How important is a setting to your story? Very. To create a believable character, your story needs to reside in a believable setting. First decide the scope of your story. Do you need to create a new world, social system and method of communication? Or do you merely need a forest floor with twittering birds in the tree canopy. A science fiction story may need more scope and description than a Victorian romance story. As a writer, you need "facts" to create belief. If you're creating a larger image for your reader, be sure you stay true to the world you create. If the world is airless, your character can't whip off his breathing apparatus in chapter three and talk to native species.
If your damsel in the Victorian era needs to get from point A to point B, she certainly can't leap on a motorcycle and buzz over to the neighbor.

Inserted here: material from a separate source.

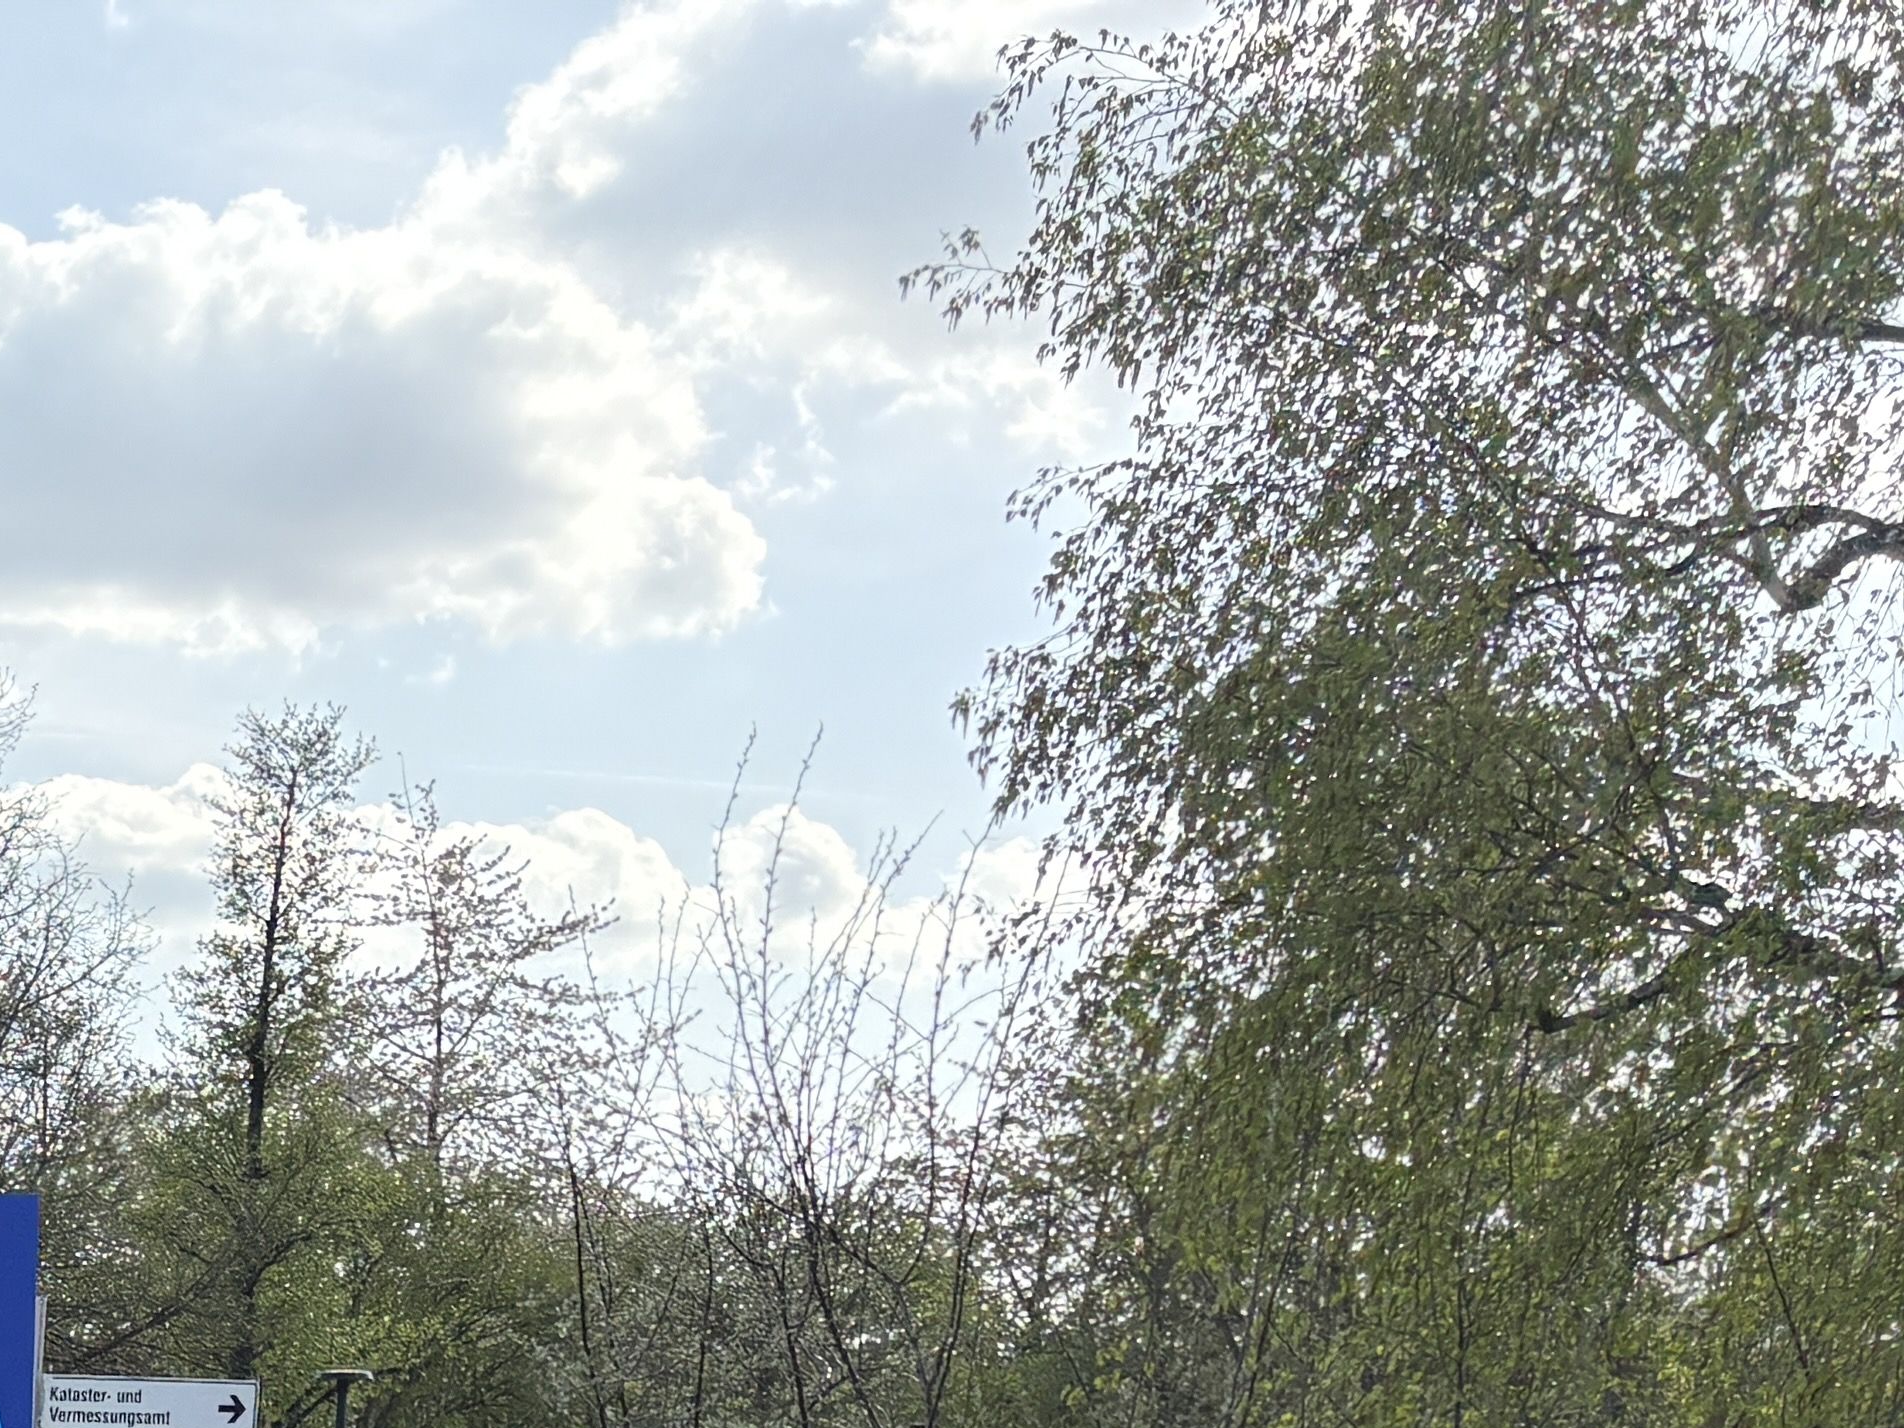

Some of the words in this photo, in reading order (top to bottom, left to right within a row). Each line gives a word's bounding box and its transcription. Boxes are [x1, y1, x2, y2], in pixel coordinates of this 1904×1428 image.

[49, 1386, 111, 1402] Kataster-
[117, 1389, 142, 1403] und
[49, 1406, 171, 1427] Vermessungsamt

If you're writing about a past era, know the world as those living in it did. Know the damsel couldn't go without an escort, what method of transport would be available to her and her proper manners of introduction upon arrival. Understand her world and write your plot within that envelope of belief. While each detail isn't essential to moving a plot along, you need these details to place your character in a proper setting.
Finally, as a writer you need to know all the details, your reader does not. Dumping a truckload of details on your reader will not only distract them from the story line, it will bore them to death. The last thing a reader wants to do is plod through four paragraphs on the construction details of a crinoline. As a writer, you need to know how a Victorian character managed to sit down on all that fluff. So when editing, keep the details necessary to the plot and eliminate the distracting points, to create a believable picture in your reader's mind.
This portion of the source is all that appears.